Between August 13th and 14th 1906, in the city of Brownsville, Texas a shooting took place which left one white man dead and another white man injured. The shooting happened around midnight. The blame for the shooting was laid at the doorstep of black soldiers who were based at Fort Brown. The commanders that were over the soldiers insisted that all were in their barracks at the time of the incident. However, the white city mayor and other white witnesses stated otherwise. They stated that indeed they saw some of the black soldiers recklessly shooting on that fateful night. The witnesses provided shell casings as evidence, even though the soldiers maintained their incidence in the ordeal.
Due to the soldiers maintaining their innocence by stating they had no knowledge of the shooting, their word was still not taken for truth. Then President Theodore Roosevelt, as a result dishonorably discharged the 167 black infantrymen from the U.S. Army. President Roosevelt believed the infantrymen were upholding a silent conspiracy, and were thus guilty of the crime.. This decision caused tension to grow between blacks and whites. However, there was a slight outcry of injustice from whites in the area. The case was reinvestigated by the U.S. Senate from 1908-1909 however they upheld the president’s decision in the matter.
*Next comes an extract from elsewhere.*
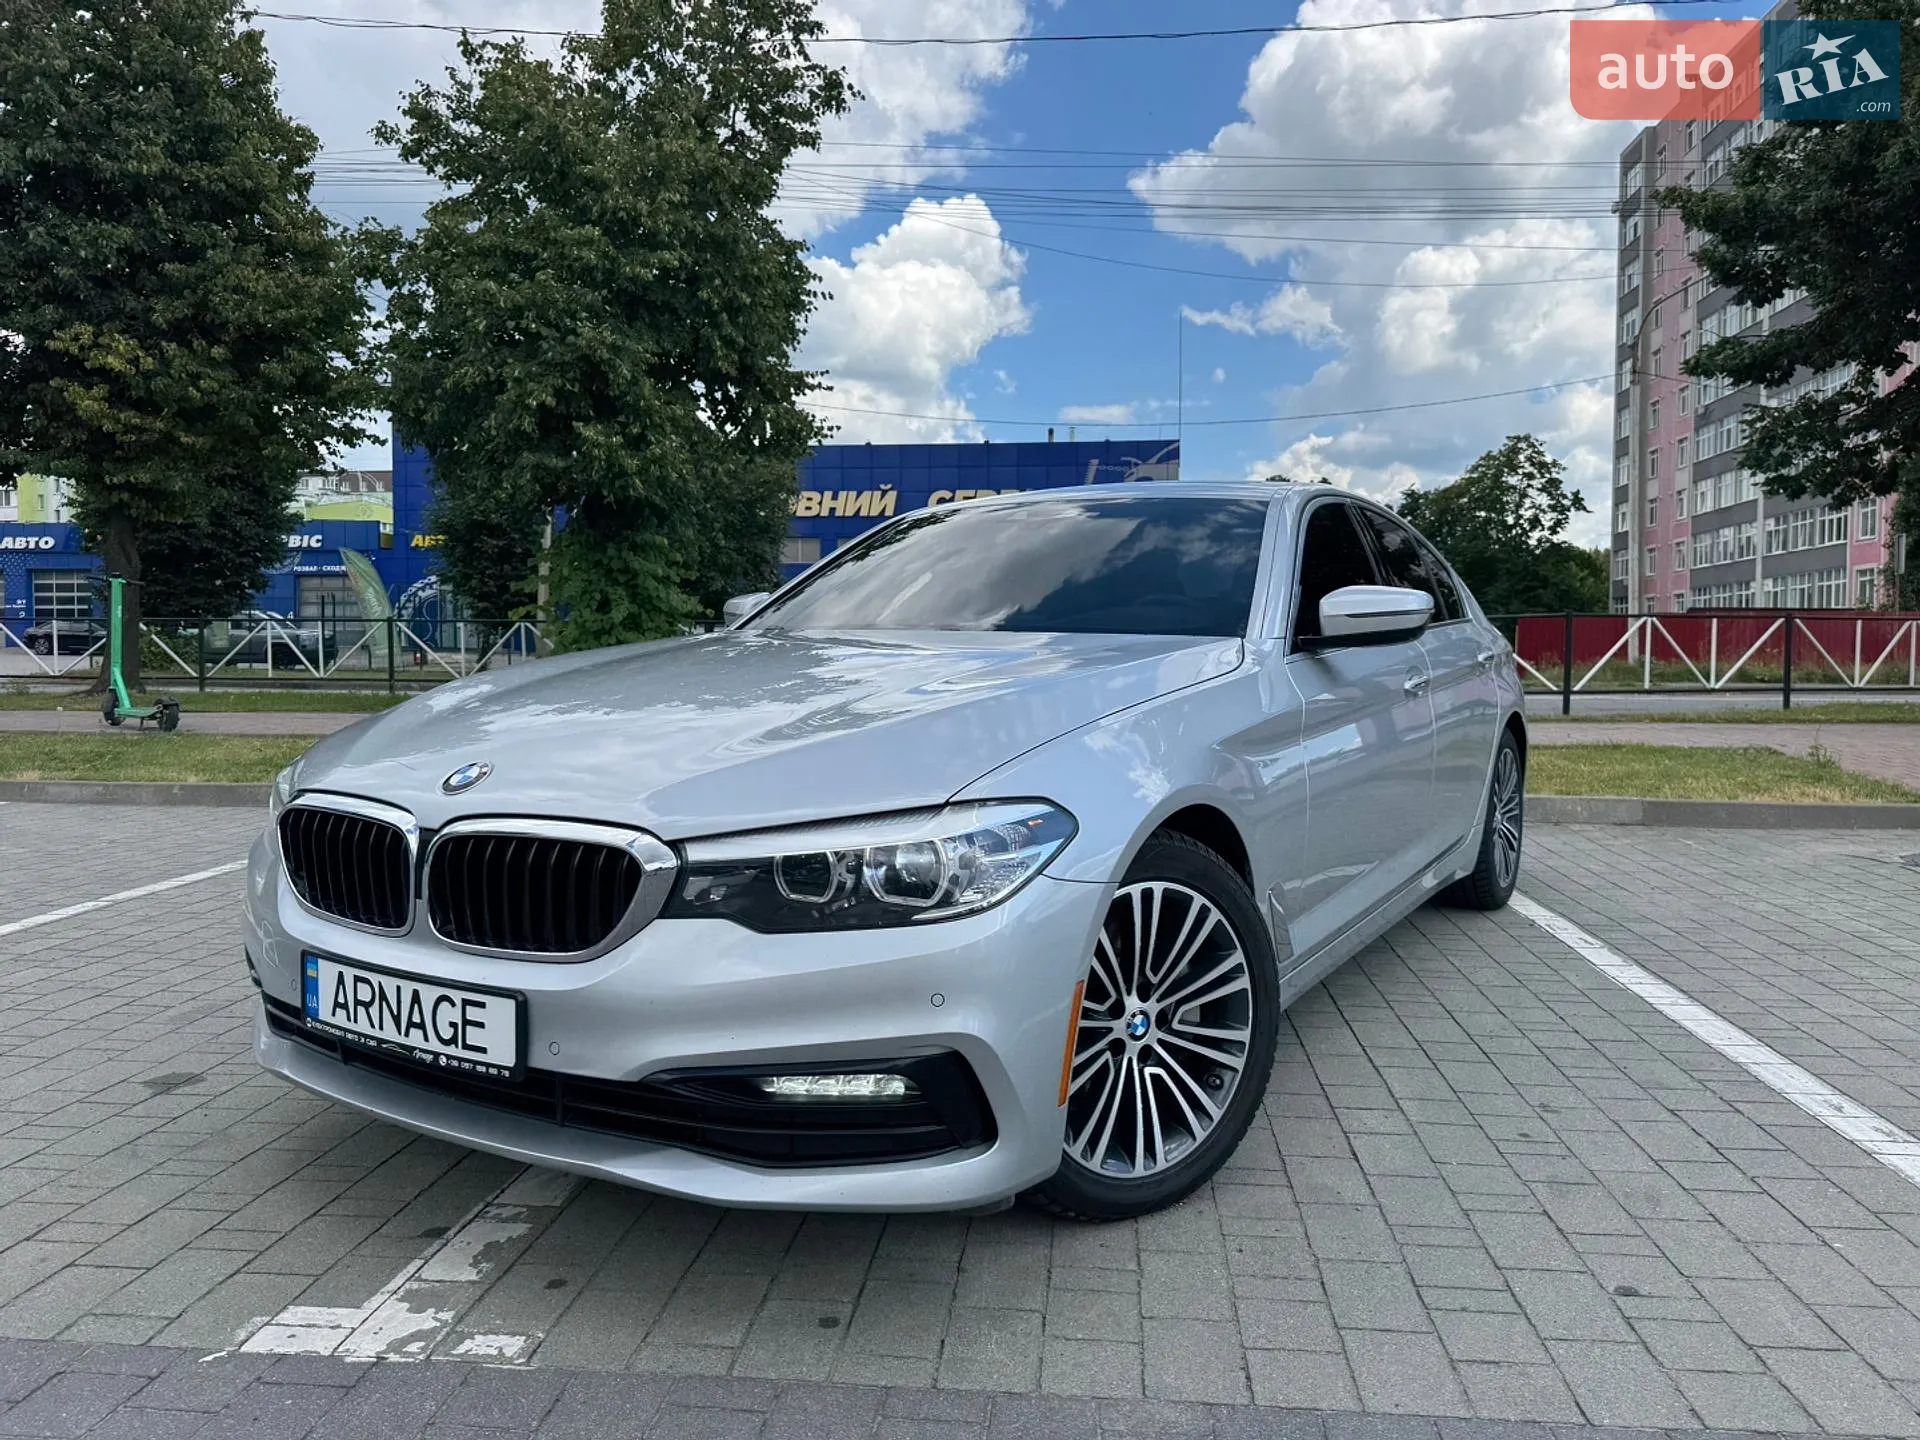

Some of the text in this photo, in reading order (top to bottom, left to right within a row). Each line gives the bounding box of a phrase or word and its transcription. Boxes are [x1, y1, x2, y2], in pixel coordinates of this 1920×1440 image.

[0, 536, 56, 549] АВТО
[306, 993, 318, 1008] UA
[331, 970, 488, 1055] ARNAGE
This incident was felt as a disgrace for blacks that were in the U.S. Army. It also served as a source of embarrassment. Racial tensions in the Texas area remained longstanding as a result. Despite the embarrassment and disgrace, a new investigation took place. It happened in the year 1972. This new investigated overturned the decision made by the president in 1906. It in turn found the black soldiers who were unjustly deemed guilty in the eyes of the government and the public as innocent.